### [Record set]
_ _ _ _ _

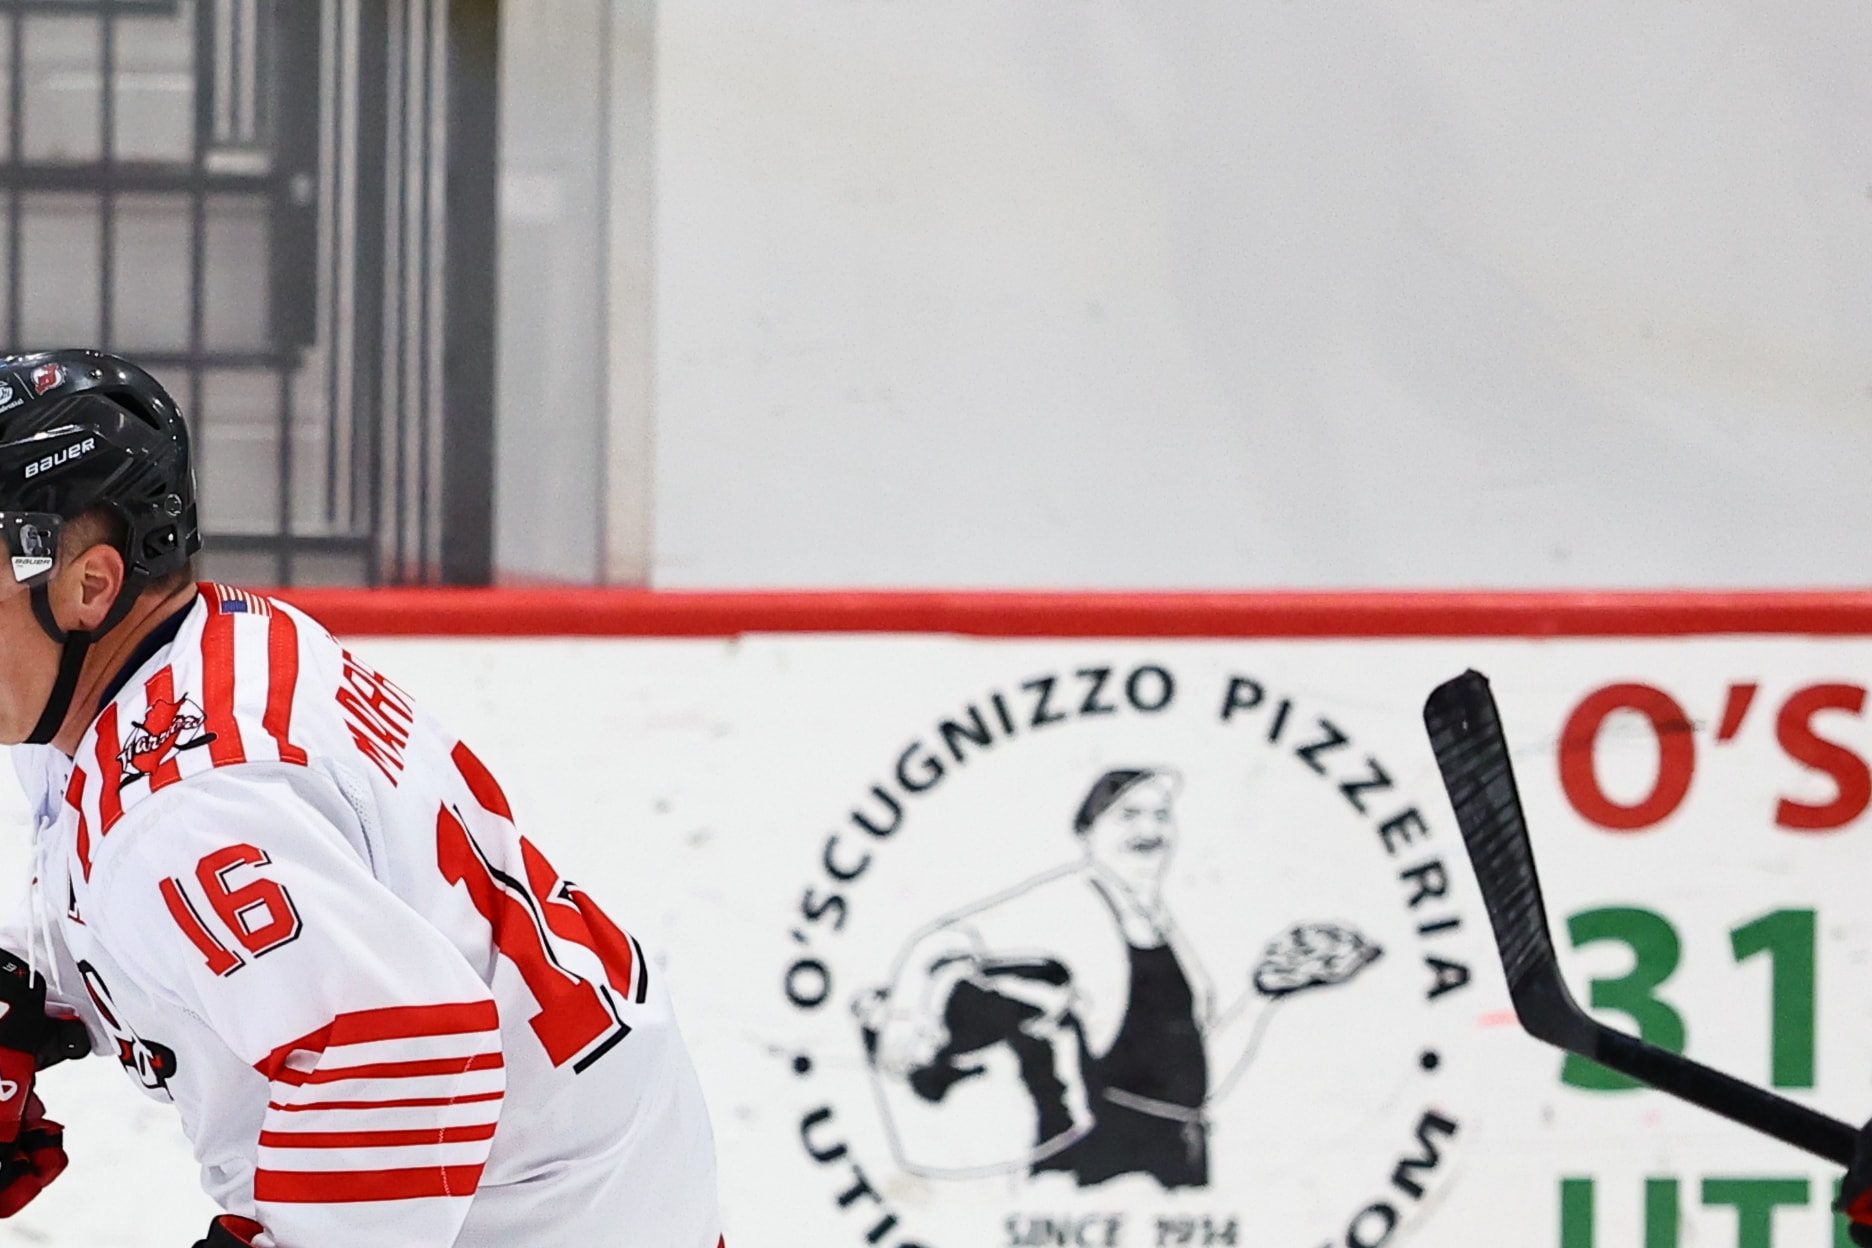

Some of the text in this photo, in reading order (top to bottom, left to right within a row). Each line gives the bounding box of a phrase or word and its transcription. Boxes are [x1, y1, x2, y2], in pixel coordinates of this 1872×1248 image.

[24, 436, 96, 479] BAUER
[157, 842, 303, 978] 16
[783, 664, 1472, 1010] O'SCUGNIZZO PIZZERIA
[1560, 905, 1819, 1092] 31
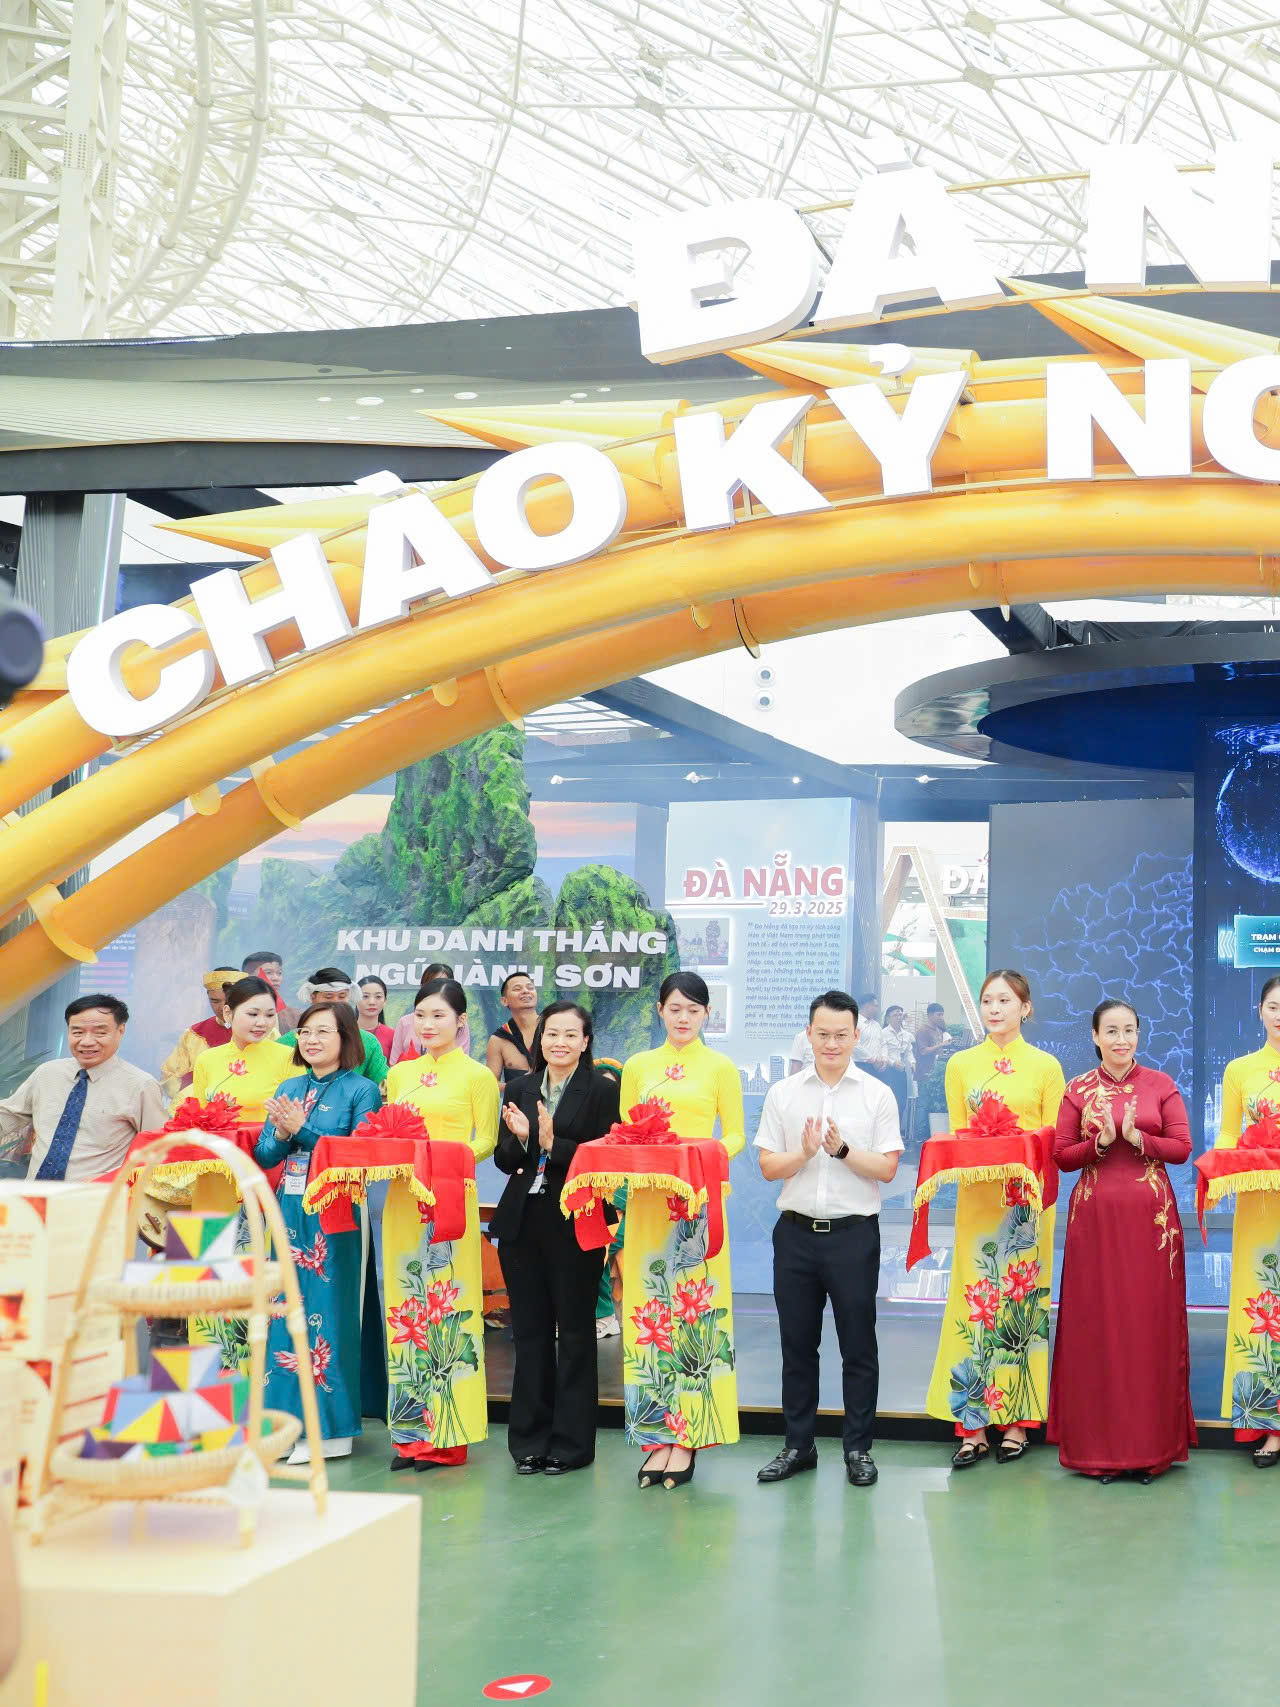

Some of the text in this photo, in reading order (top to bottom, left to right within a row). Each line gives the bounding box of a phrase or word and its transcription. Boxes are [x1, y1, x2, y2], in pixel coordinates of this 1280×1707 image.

[627, 134, 1010, 364] ĐÀ
[66, 441, 628, 738] CHÀO
[673, 342, 969, 532] KỶ
[682, 853, 845, 898] ĐÀ NẴNG
[768, 901, 844, 915] 29.3.2025
[336, 920, 668, 955] KHU DANH THẮNG
[1250, 933, 1277, 942] TRẠM
[354, 956, 641, 989] NGŨ ÀNH SƠN

_ _ _ _ _

### [Task]
Repeat the entries exactly and keep the pictures out of the copy.

### [Reply to the exercise]
Some of the text in this photo, in reading order (top to bottom, left to right within a row). Each line gives the bounding box of a phrase or word and its transcription. Boxes are [x1, y1, x2, y2], in pixel coordinates of this 1872×1248 image.

[24, 436, 96, 479] BAUER
[157, 842, 303, 978] 16
[783, 664, 1472, 1010] O'SCUGNIZZO PIZZERIA
[1560, 905, 1819, 1092] 31

Some of the text in this photo, in reading order (top to bottom, left to right within a row). Each line gives the bounding box of a phrase or word and its transcription. Boxes are [x1, y1, x2, y2], in pixel coordinates of this 1280×1707 image.

[627, 134, 1010, 364] ĐÀ
[66, 441, 628, 738] CHÀO
[673, 342, 969, 532] KỶ
[682, 853, 845, 898] ĐÀ NẴNG
[768, 901, 844, 915] 29.3.2025
[336, 920, 668, 955] KHU DANH THẮNG
[1250, 933, 1277, 942] TRẠM
[354, 956, 641, 989] NGŨ ÀNH SƠN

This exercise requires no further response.